Can knowing accounting grow your nonprofit and lead to nonprofit sustainability? If you don’t understand accounting principles, your nonprofit may struggle to fulfill your mission and achieve your goals. Why is understanding the principles of accounting so fundamentally important?
Knowing Accounting Strengthens Nonprofit Sustainability
In order to achieve your financial goals, you will at least need to know how to do double-entry bookkeeping. This knowledge accomplishes so much on different levels. Not only will it help you calculate your revenue by balancing debits and credits it will make you more accountable by understanding the process of balancing the books in a moral sense.
What Do Pizza and Accounting Have In Common?

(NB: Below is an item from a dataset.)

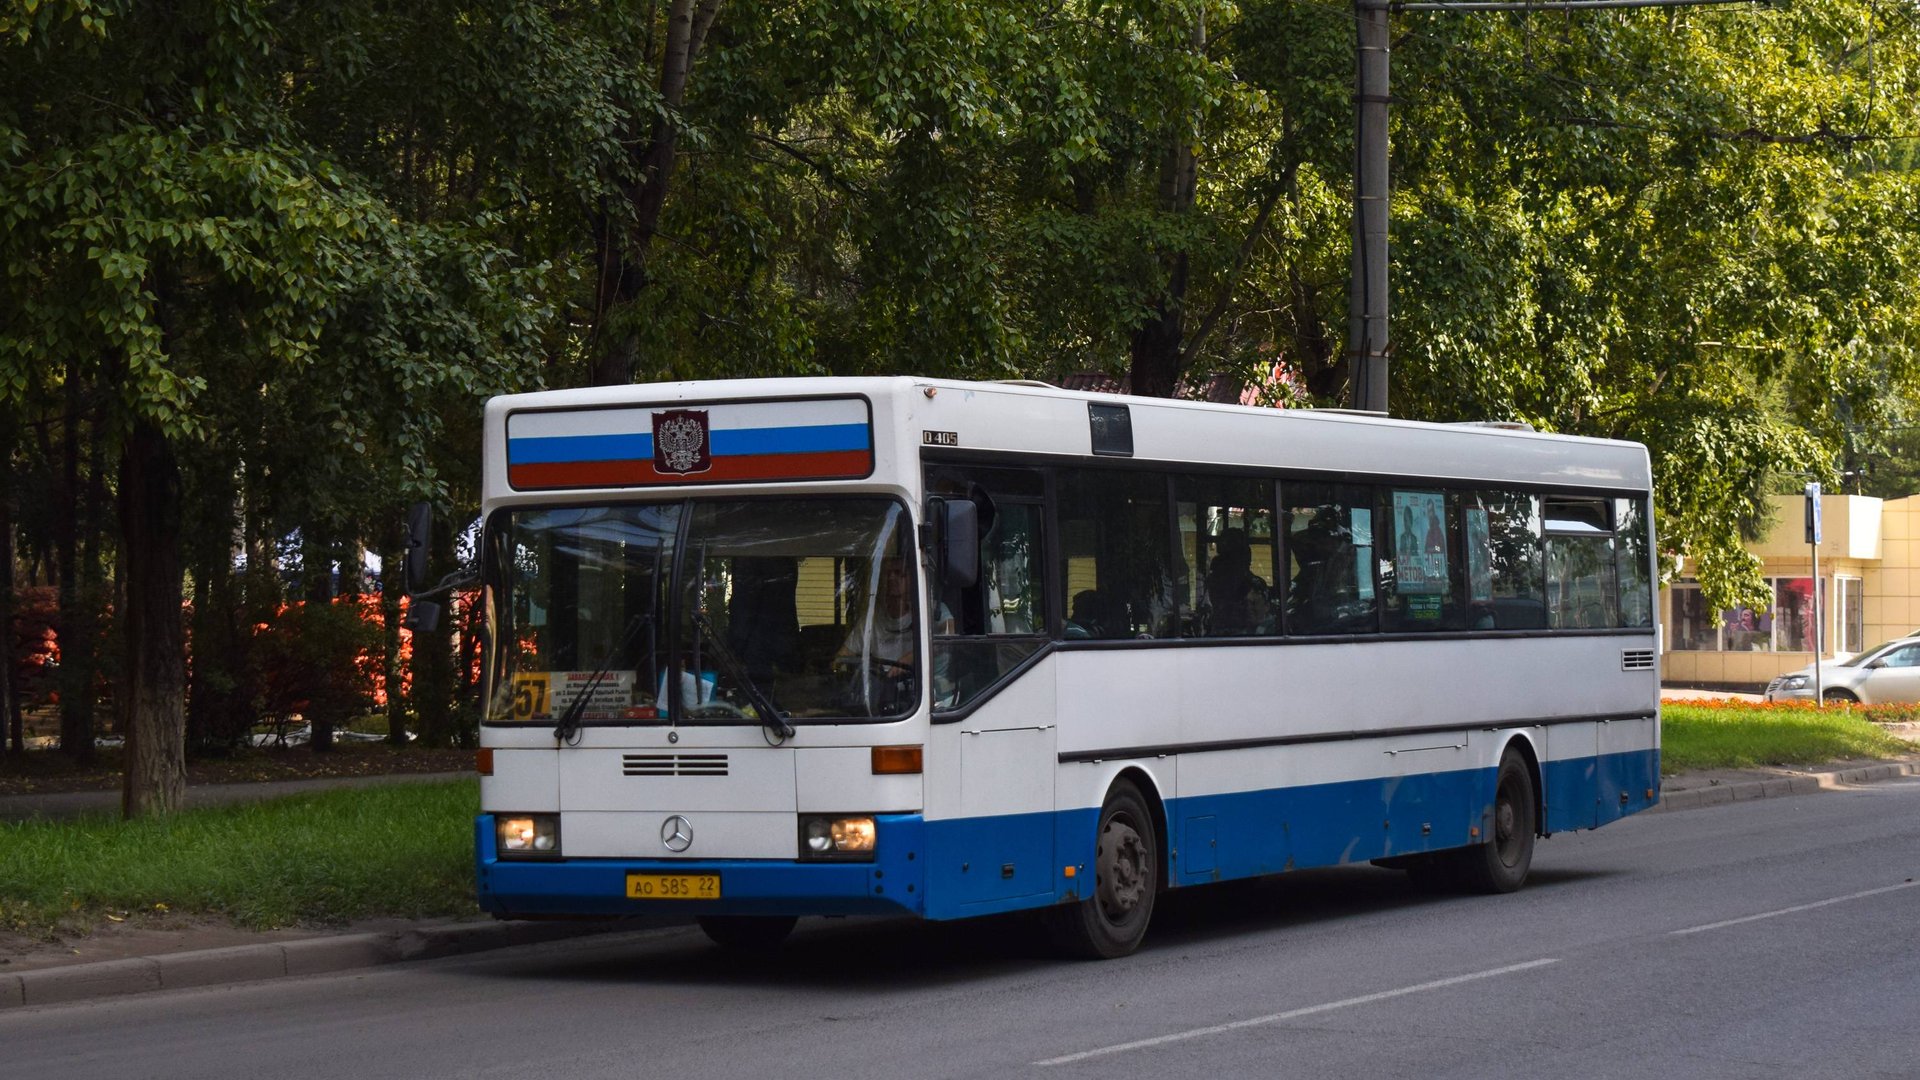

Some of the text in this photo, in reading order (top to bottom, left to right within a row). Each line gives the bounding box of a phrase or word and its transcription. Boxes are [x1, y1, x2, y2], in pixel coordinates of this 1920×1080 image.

[934, 432, 957, 445] 405
[515, 680, 546, 717] 57
[660, 878, 689, 895] 585
[699, 877, 715, 891] 22

This concept goes way back to Renaissance Italy, when merchants and property owners used accounting not only for their businesses but to make a moral reconciliation with God, their cities, their countries and their families. They even kept moral accounting records – tallying up their sins and good acts just like debits and credits. During this time, accounting was a key skill to learn, where a majority of citizens attended accounting schools.
Double-entry accounting spread to the Netherlands during the early 1500s, making this country the center of accounting education, world trade and early capitalism. Double-entry accounting was practiced by everyone from prostitutes to scholars. The best role model when it comes to being more accountable are the Dutch. It was the Dutch in 1602 who invented modern capitalism and the first publicly traded company – the Dutch East India Company. This became the first official stock market in Amsterdam. It was the well-maintained culture of accountability that kept this company stable for a century.

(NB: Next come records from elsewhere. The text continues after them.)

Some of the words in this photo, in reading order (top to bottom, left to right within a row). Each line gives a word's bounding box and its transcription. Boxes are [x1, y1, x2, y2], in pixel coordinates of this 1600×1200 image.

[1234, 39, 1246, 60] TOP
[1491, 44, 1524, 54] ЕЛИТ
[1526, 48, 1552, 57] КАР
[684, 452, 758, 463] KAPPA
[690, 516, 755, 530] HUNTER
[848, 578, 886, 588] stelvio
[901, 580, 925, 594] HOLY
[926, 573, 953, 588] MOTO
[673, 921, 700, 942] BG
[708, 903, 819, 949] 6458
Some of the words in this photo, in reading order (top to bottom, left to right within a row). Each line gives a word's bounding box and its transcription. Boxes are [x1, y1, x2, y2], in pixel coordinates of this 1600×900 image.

History of Audits and Accountability
But the interesting thing that came out of this financial system was fraud. Investors complained that books were tampered with and demanded a “reeckeninge” or what we know as a nonprofit financial audit. The state did not allow the books to be audited in public, but they did conduct an internal audit which satisfied the company and state accountability. This set the stage for the common practice of auditing the books as we know it now.

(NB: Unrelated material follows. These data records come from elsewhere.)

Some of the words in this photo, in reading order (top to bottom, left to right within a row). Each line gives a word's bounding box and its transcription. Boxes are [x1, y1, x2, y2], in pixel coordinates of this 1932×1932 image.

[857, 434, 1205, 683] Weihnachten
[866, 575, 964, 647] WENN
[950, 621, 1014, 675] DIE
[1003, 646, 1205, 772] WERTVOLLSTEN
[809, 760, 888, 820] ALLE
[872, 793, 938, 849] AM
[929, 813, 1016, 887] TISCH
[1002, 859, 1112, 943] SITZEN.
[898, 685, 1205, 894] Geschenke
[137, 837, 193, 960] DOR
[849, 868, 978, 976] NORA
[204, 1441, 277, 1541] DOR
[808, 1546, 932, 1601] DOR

However, in our society today, people have stopped learning double-entry bookkeeping, leaving it to specialists and accounting professionals. Most people don’t even know what it means. This leads us to why this is so important when it comes to nonprofits. Nonprofits need to ask themselves whether they want their nonprofit to be stable, sustainable and accountable. An excellent place to start would be to make double-entry accounting and basic finance part of the curriculum in high school, just like during earlier times.
Knowing accounting gives you a clear picture of what financial accountability really means and how it relates to the audit process. It also gives you the insight to make your nonprofit more sustainable.
Accountability is the foundation of all nonprofits. As a nonprofit you must account for every penny that your nonprofit receives. Without the proper accounting knowledge and tools, this task can be complicated and confusing to maintain. Without an understanding of accounting, nonprofits may be prone to more “reckonings”.